Faylasoof SaaHib has already explained what I had in mind, especially that it sounds redundant and contradictory. English '*disorder*' doesn't contain a meaning of a specific medical condition, just as _*biimaarii*, *maraz*_, or, the word which I prefer here, *3aarzah*. The meanings of *iztiraab* are already taken! Another meaning can be 'agitation'.


----------



## marrish

Faylasoof said:


> [...] I think I prefer the first _taxfiif-e-tawajjuh _as_ taxfiif _is equivalent to_ deficit / lowering / decrease _while _3adam _suggests_ lack_ or_ absence. But it may depend on the severity of the disorder. _Also, perhaps _fe3liyyat_ might be better than _Harkat_ since the later suggests movement as well as activity.





marrish said:


> For other two languages the following terms can be used (courtesy of Wikipedia):[...]
> Hindi:ध्यानाभाव एवं अतिसक्रियता विकार _dhyaanaabhaav evaM atisakriyataa vikaar_



The translation presented by Wikipedia for Hindi looks very good only with the exception to which Faylasoof Saahib poins out and with which I agree:

_dhyaanaabhaav _means precisely attention's lack or absence: _dhyaan - aabhaav_. 

But having put more attention on it, it seems that this choice is good.
Here is the definition of *lack:*
 noun
[mass noun] (usually lack of)
the state of being without or not having enough of something: there is no lack of entertainment aboard ship;
the case was dismissed for lack of evidence; [in singular]:there is a lack of parking space in the town
[with object] be without or deficient in:the novel lacks imagination [no object]:she lacks in patience; Sam did not lack for friends
Origin: Middle English: corresponding to, and perhaps partly from, Middle Dutch and Middle Low German lak 'deficiency', Middle Dutch laken 'lack, blame'
_(Oxford dictionaries)_

عدم although suggest lack of absence, can mean deficiency as well; the same applies to _aabhaav._


----------



## Qureshpor

marrish said:


> Note: Faylasoof SaaHib has solved the problem while I was still making this brain exercise, so I'll not repeat what has been already said, but try to say something complementary.
> 
> It appears there is no official term in Urdu; اے ڈی ایچ ڈی is used instead, so we can still try to make one!
> 
> For other two languages the following terms can be used (courtesy of Wikipedia):
> 
> Persian:اختلال کم توجهی - بیش فعالی _extelaal-e kam tawajjohii - biish/besh fe3aalii_
> Hindi:ध्यानाभाव एवं अतिसक्रियता विकार _dhyaanaabhaav evaM atisakriyataa vikaar_
> 
> Let's give it a try in Urdu and keep it easy:
> 
> attention deficiency - توجُہ کی کمی _tavajjuh ki kamii_
> hyperactivity - زائد فعالیت - _zaa'id fe3aaliyyat_
> disorder ~ عارضہ؛ بیماری - _a3arzah; biimaarii, maraz_
> 
> So, _tavajjuh kii kamii aur zaa'id fe3aaliyyat kaa 3aarzah
> tavajjuh meN kamii aur zaa'id fe3aaliyyat kii biimaarii
> _
> 
> _maaliixuuliyaa _
> fuqdaan
> 3adam
> zaa'id, besh
> 3aamiliyyat
> fa33aalii




Could you please incorporate one of my favourite words "rog" unto your inventions.
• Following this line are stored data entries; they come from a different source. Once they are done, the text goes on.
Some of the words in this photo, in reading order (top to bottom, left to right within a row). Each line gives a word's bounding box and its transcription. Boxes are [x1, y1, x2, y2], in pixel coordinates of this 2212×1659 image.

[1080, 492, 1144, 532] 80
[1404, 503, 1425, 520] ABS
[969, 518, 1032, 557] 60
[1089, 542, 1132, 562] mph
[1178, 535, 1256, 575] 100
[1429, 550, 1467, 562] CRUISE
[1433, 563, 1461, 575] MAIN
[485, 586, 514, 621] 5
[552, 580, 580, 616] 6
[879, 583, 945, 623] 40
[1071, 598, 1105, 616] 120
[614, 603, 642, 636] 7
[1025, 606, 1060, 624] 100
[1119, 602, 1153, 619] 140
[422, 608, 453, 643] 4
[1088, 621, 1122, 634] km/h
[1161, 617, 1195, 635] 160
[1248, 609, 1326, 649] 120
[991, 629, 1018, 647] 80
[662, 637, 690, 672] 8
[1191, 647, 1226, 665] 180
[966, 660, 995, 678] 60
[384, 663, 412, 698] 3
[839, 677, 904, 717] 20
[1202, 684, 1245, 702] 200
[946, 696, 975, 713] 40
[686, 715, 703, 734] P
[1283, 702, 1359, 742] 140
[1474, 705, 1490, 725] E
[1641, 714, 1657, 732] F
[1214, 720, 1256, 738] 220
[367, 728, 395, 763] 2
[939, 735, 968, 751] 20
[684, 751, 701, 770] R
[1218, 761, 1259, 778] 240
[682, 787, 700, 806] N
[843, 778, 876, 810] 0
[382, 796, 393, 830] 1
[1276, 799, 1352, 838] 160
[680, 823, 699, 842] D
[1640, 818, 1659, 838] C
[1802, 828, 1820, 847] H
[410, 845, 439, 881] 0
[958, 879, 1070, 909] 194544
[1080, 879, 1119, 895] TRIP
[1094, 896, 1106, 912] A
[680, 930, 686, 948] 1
It's such a small word. It is not too much to ask is it? Remember the poem "rog kaa raag"?


----------



## marrish

QURESHPOR said:


> Could you please incorporate one of my favourite words "rog" unto your inventions. It's such a small word. It is not too much to ask is it? Remember the poem "rog kaa raag"?


Qureshpor SaaHib, I remember that Urdu poem very well. And here you go, my humble attempt to fulfill your tiny wish:

دھیان میں کمی اور زیادہ پھرتیلاپن کا روگ 
_dhyaan meN kamii aur ziyaadah phurtiilaapan kaa rog - 
attention deficit-hyperactivity disorder_


----------



## JaiHind

marrish said:


> Hindi:ध्यानाभाव एवं अतिसक्रियता विकार _dhyaanaabhaav evaM atisakriyataa vikaar_



Good one.


----------



## marrish

JaiHind said:


> Good one.


Thanks, the credit goes to Wikipedia. I like it too! BTW, how do you like thijs one: ध्यान में कमी और ज़्यादा फुर्तीलापन का रोग?


----------



## Qureshpor

marrish said:


> Thanks, the credit goes to Wikipedia. I like it too! BTW, how do you like thijs one: ध्यान में कमी और ज़्यादा फुर्तीलापन का रोग?
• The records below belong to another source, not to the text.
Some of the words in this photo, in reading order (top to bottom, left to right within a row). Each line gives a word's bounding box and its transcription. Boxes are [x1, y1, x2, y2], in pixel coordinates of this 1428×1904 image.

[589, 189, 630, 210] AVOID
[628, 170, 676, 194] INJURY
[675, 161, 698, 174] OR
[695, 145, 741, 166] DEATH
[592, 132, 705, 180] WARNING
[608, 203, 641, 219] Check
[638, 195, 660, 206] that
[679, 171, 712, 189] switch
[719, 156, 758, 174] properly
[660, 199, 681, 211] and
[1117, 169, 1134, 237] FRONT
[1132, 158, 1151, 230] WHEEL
Nice but long! Besides, should n't "phurtiilaa" be declined? Is there a possibility of removing "aur" and "kaa"?

dhyaankam ziyaadphurtiil rog! Now this looks good!


----------



## marrish

_dhyaan-kam, phurtii-bahot rog. _I would say phurtilepan myself but having pondered upon it made me understand that it probably would be wrong.


----------



## Qureshpor

marrish said:


> _dhyaan-kam, phurtii-bahot rog. _I would say phurtilepan myself but having pondered upon it made me understand that it probably would be wrong.



Bravo! I would just change the "bahot" to "bahut"

dhyaankam phurtiibahut rog

And in Punjabi, "t_hiyaank_haT phurtiivadh rog"


----------



## marrish

QURESHPOR said:


> Bravo! I would just change the "bahot" to "bahut"
> 
> *OK*
> 
> dhyaankam phurtiibahut rog
> 
> And in Punjabi, "t_hiyaank_haT phurtiivadh rog"


Nice!


----------



## Anwer Jafri

*Kam-Dhyaani Baykal pun*


----------



## Alfaaz

Thanks to everyone for the diverse contributions!


----------